There is no god damn mayor in America worth $800,000. I can buy a U.S. Senator for $200,000. [95]

At the same time, we ignore the inconvenient truth:

  • T — p’s ties to organized crime (not just in Atlantic City — he used mob companies and illegal immigrants to build the Tower Of Moron on Fifth Avenue);
  • T — p’s deep involvement with some of the most corrupt figures in NYC (and US) history — Stanley Friedman, Roy Cohn, Meade Esposito;
  • The number of prominent politicians who fattened themselves at T — p’s trough and helped his career along (Abe Beame, Hugh Carey, Mario and Andrew Cuomo, among many others);
  • T — p’s constant reliance on an “array of Rube Goldberg nonfunctioning corporations,” as one Department of Gaming and Entertainment commissioner said in New Jersey;
  • The fact that most of T — p’s projects were built with government money (a “government bonanza of zoning variances and special permits”). Some of these subsidies continue costing NYC millions to this day;
  • His history of abusing tenants, for which he was repeatedly sanctioned by the courts and by city and state agencies (he and his father were forced to sign a consent decree for discriminating against black tenants, and T — p was later sued for not complying with the decree);
  • His enabling by major banks, to the point that they “resembled accomplices more than victims” in the collapse of his empire in the late 1980s;
  • The extent to which his failures were caused by his own incompetence, and his refusal to listen to smarter or more strategic people around him ( the president of New York City’s Urban Development Corporation once compared a project of T — p’s to “building a pool in the Sahara, and worrying about the water later.”) [356]
  • His history of stunningly offensive language and behavior (Among other things, Barrett mentions a gossip item from New York Newsday published on December 10, 1990, about a disgusting remark by T — p at a fundraiser for a foundation named for one of his casino executives who died in a helicopter crash: “Several people at the party told us that Trump mentioned one man’s daughter was having her 14th birthday, and said, ‘You shouldn’t mess with her — 14 will get you 20.’ It offended even diehards.”)

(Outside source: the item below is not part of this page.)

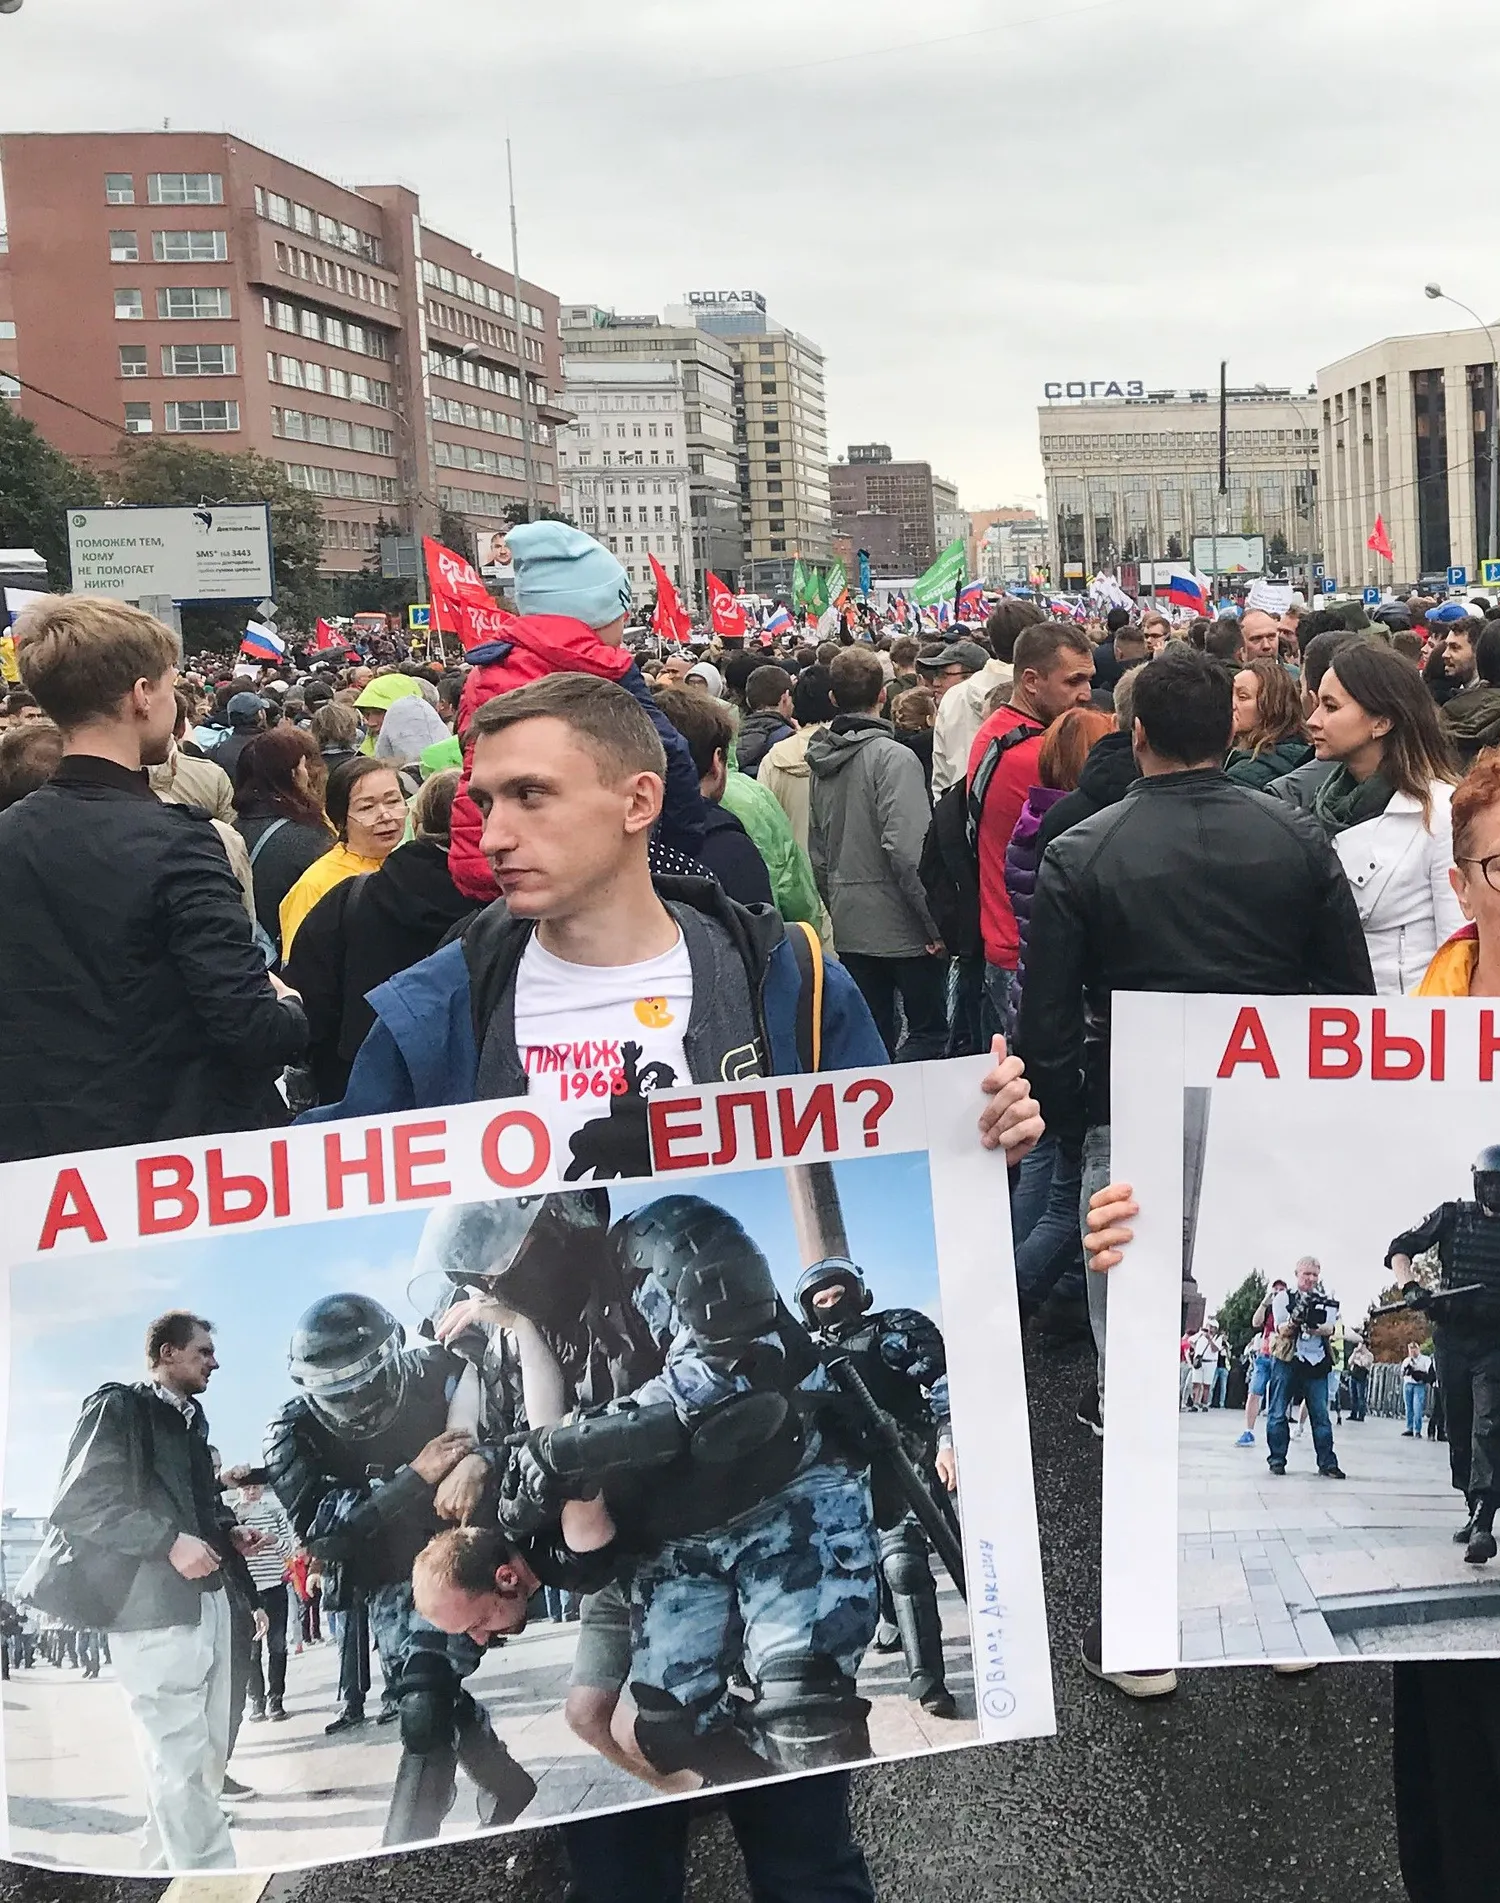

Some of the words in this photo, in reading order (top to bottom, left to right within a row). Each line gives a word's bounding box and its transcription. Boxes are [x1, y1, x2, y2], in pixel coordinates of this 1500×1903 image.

“You’re a very shallow person…”

“Of course. That’s one of my strengths. I never pretend to be anything else.” [137]

So we knew all this. One of the country’s best journalists laid it out for us more than 20 years ago. Other journalists have done even more comprehensive examinations of his corruption. But we live in a post-fact world, so the fact that T — p calls himself a successful real estate developer on TV makes it true.

We have gotten the “president” we deserve.

Trump: The Deals and the Downfall, by Wayne Barrett. HarperCollins, 1992. All page numbers refer to the hardcover first edition; the book was reissued last year as Trump: The Greatest Show on Earth: The Deals, the Downfall, the Reinvention.